Oh, and I do not see Mr. Musk and Mr. Trump sharing the pain.

Saturday, February 1, 2025

Strategy for blockig Trump

 It is time for the Democrats to adopt devious tactics in the Senate and the House of Represetatives.


There are enough upright Republicans willing to vote secretly against Trump’s nominees and plans. However, they are not willing to take a public stand against him because they fear retribution through being primaried by a Trumpish MAGA opponent.

Democrats should make deals with these Republicans that, if they vote against Trump, the Democrats will not put up a Democratic candidate at the next General Election. In this case, even if primaried, the current incumbent could run as an Independent and pick up the centrist and moderate left voter and might even get Democratic support and votes.

Democrats and centrist Republicans could push for a change in the rules of the House and Senate so as to require that nominees and bills be voted on with secret ballots. This would reduce the fears of centrist Republican senators and Representatives that they might be primaried. I realize that this is a longshot given the leakiness of their offices.

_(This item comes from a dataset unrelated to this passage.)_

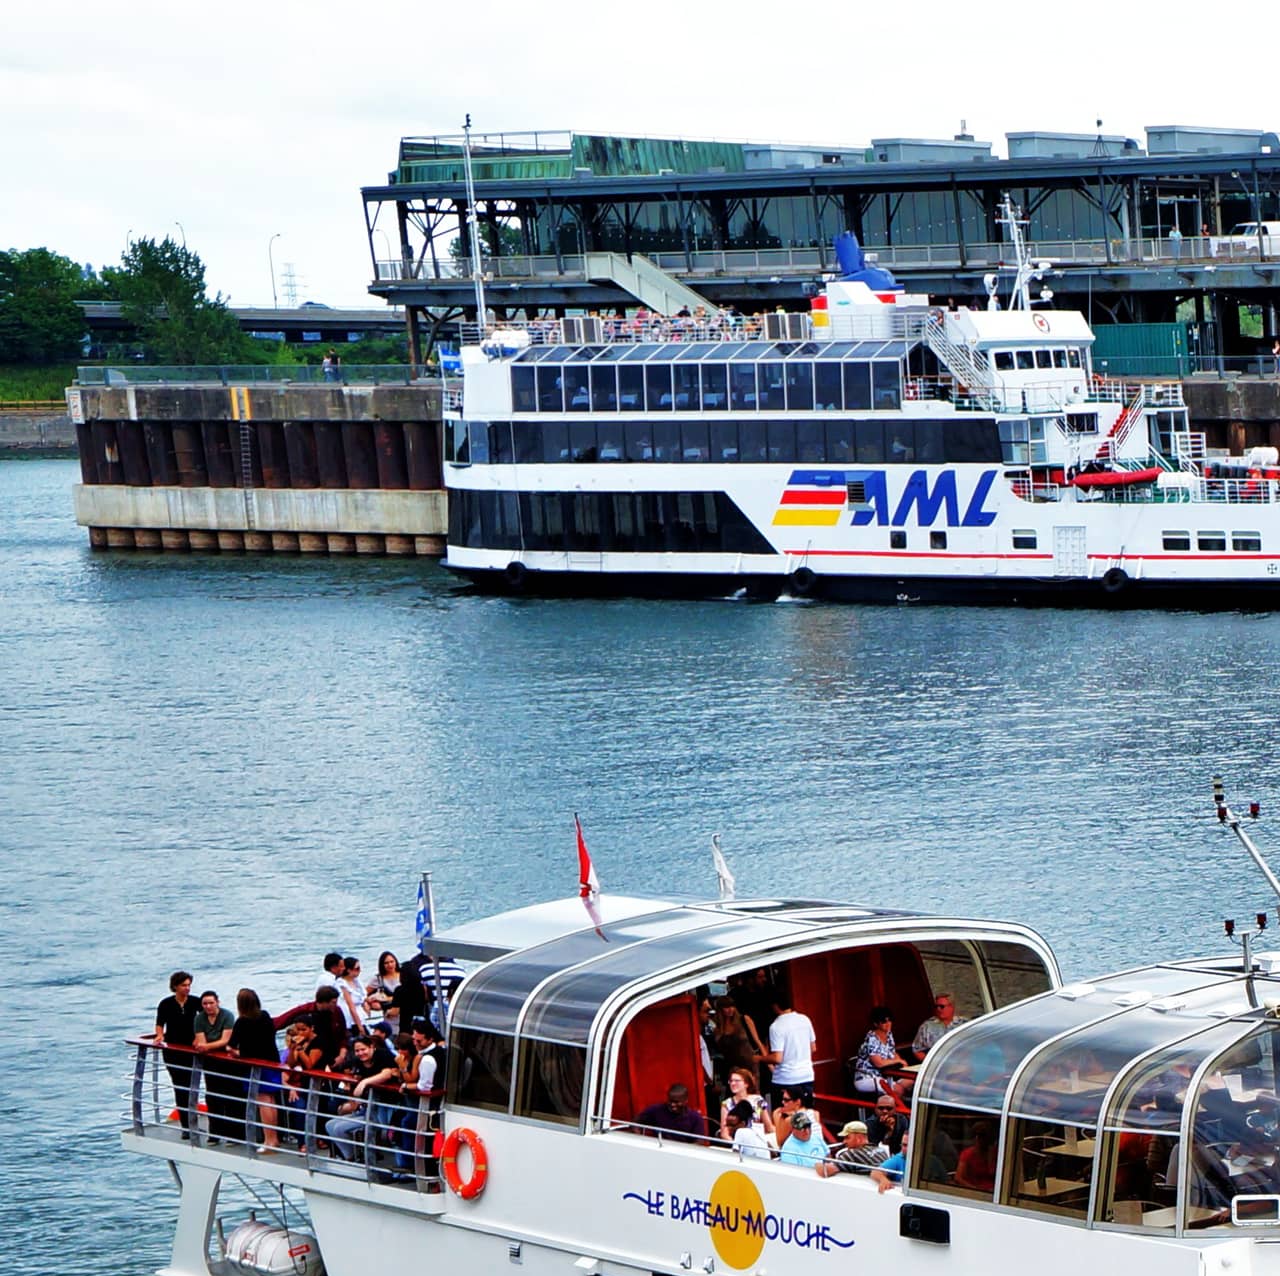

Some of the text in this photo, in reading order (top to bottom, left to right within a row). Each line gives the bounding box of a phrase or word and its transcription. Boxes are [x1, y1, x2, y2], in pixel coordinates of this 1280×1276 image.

[848, 469, 998, 527] AML
[647, 1189, 831, 1252] LE BATEAU MOUCHE
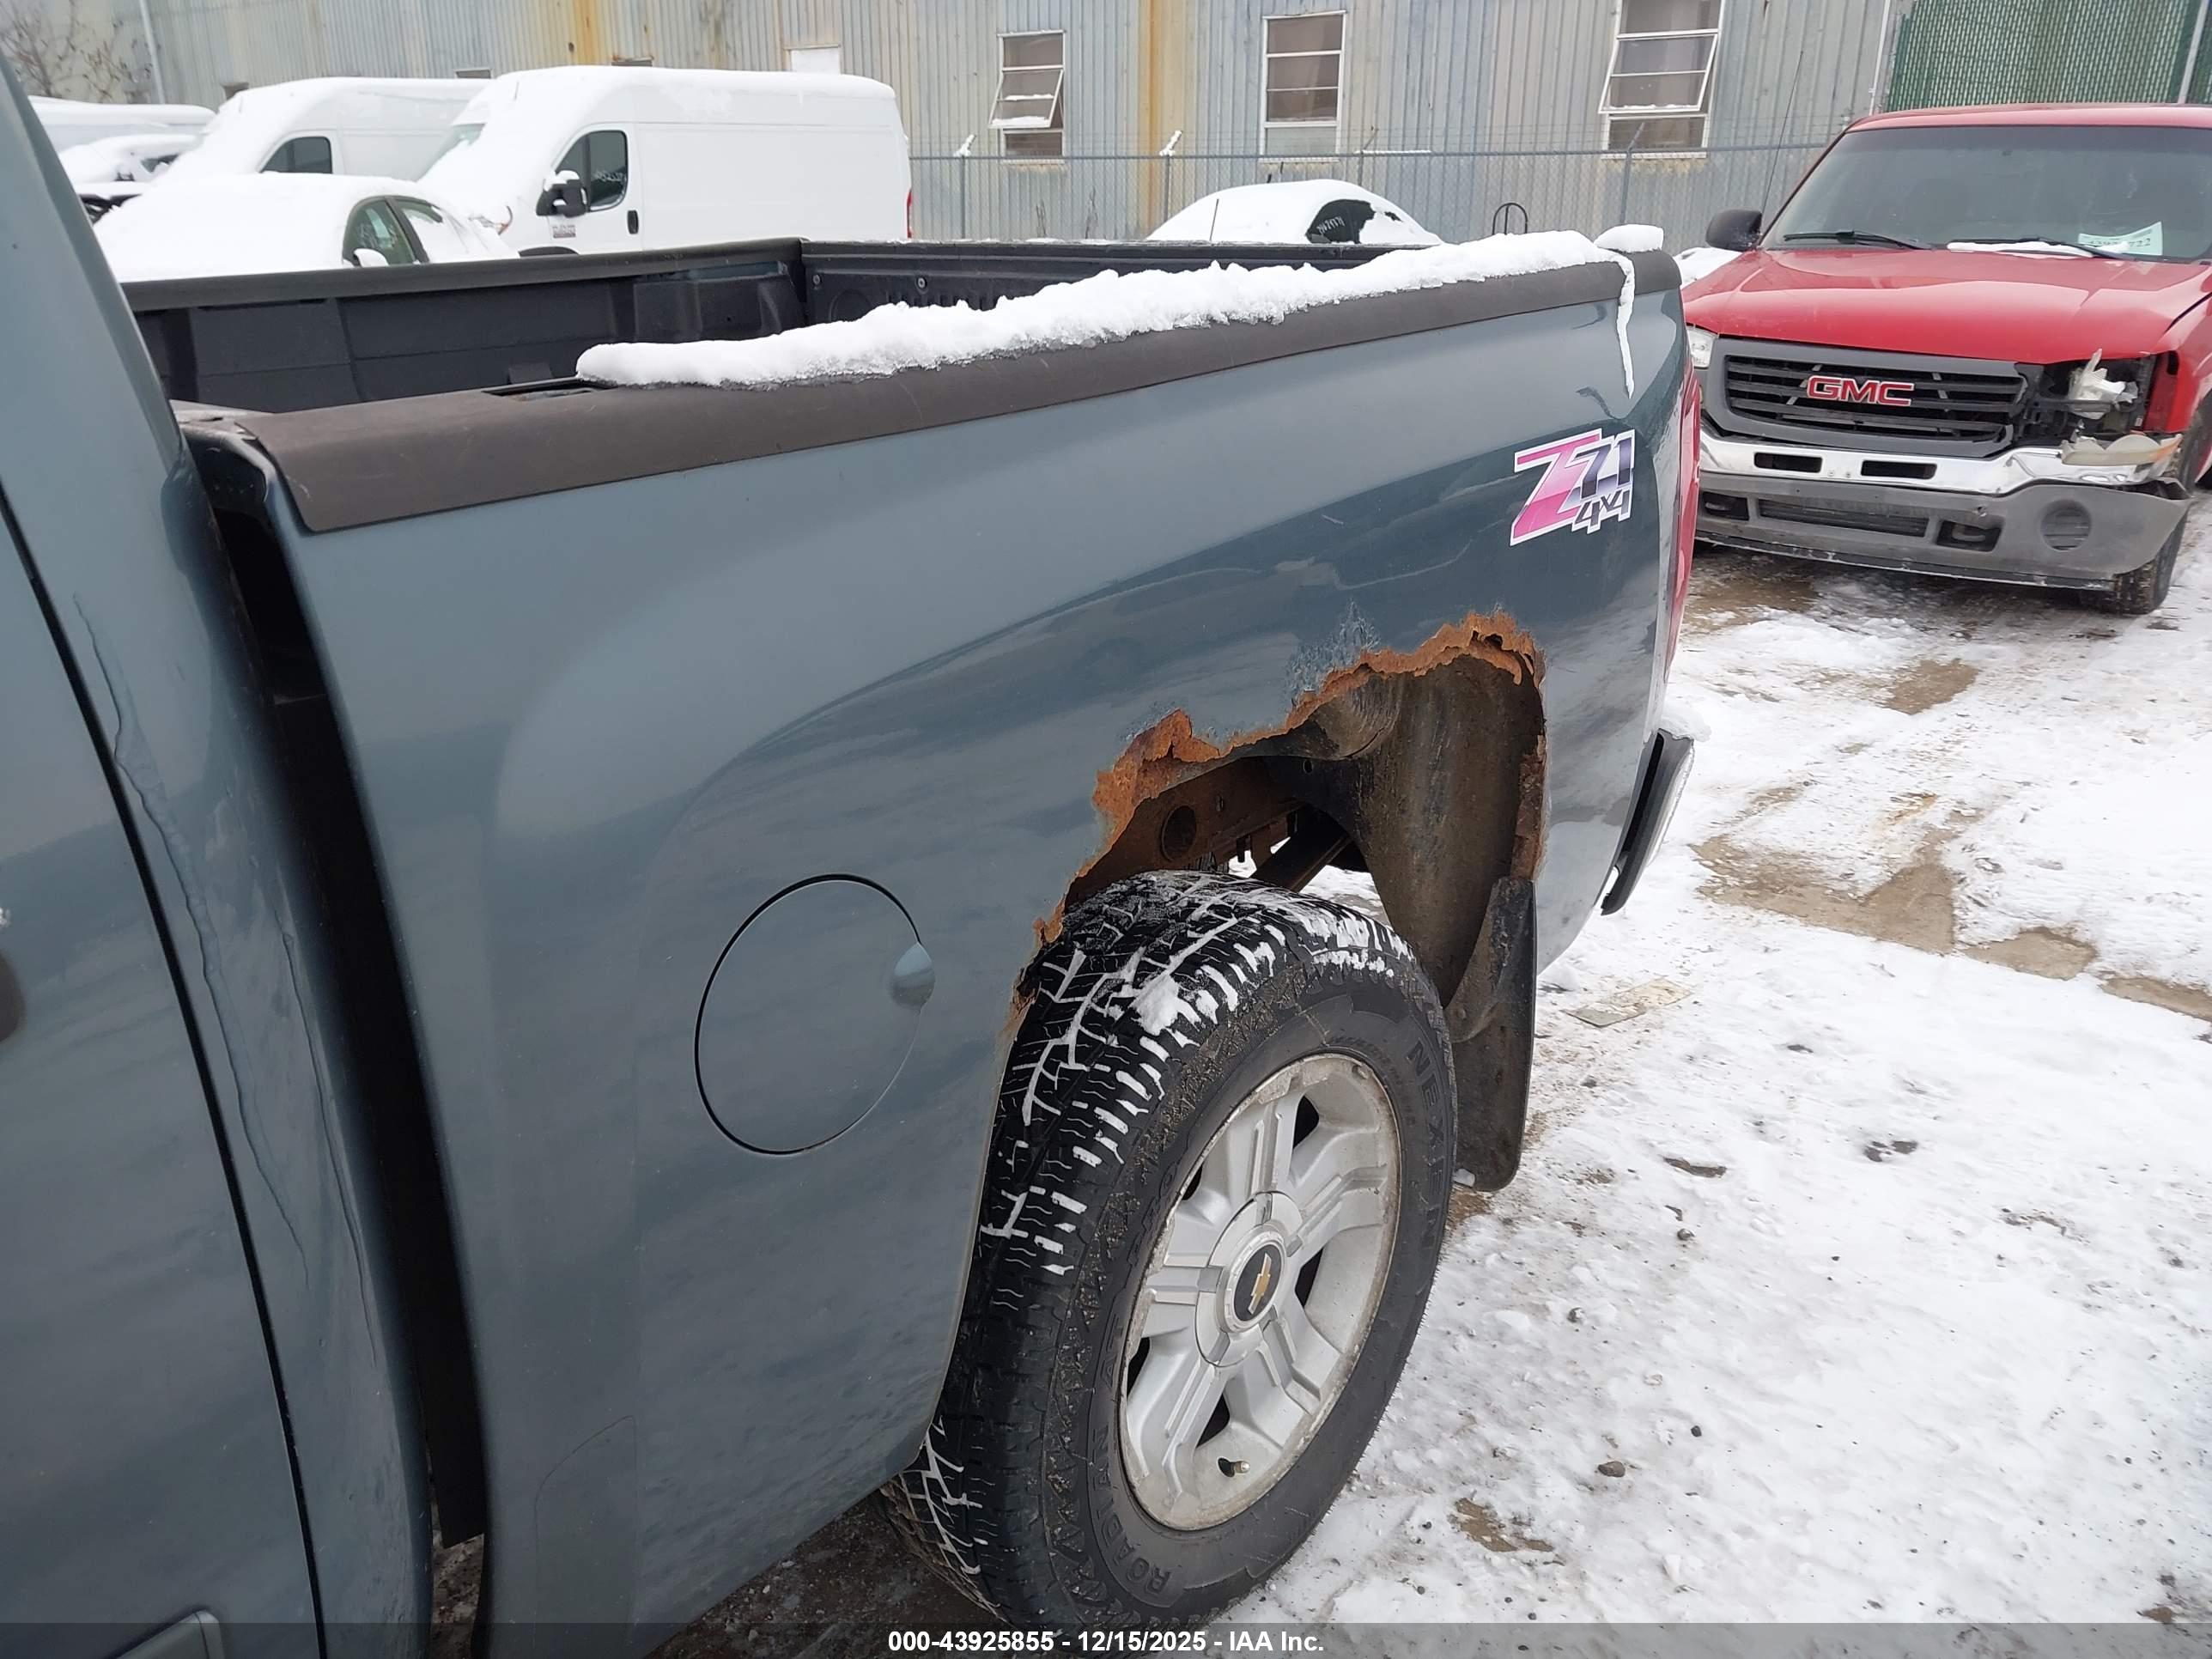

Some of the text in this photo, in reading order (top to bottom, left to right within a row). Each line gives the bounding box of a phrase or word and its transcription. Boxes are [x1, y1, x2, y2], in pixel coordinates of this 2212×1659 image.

Finally, we, the public, must continue what we are doing, especially in red states and districts, contact our senators, contact our representative and insist that they grow spines and vote to block or undo Trump’s most outrageous actions.

America’s survival depends upon it. 

Monday, January 27, 2025

Lies and Policies

 After the hurricane hit North Carolina, Mr. Trump lied about FEMA. He claimed that FEMA was unfair in allocating its help. His lies were so destructive that some victims refused to accept  FEMA's help.

Trump seems now to believe those lies. He is contemplating closing down and abolishing FEMA (Trump says states should manage disasters and weighs shuttering FEMA, New York Times, January 24, 2025). That would be a big mistake.

President Trump muses about letting each state be independent and stand on its own two feet. Does that mean no more Massachusetts money going to red states? Perhaps Massachusetts would like that; but I don't think so: from John Adams on down, Massachusetts has always believed in the United States of America.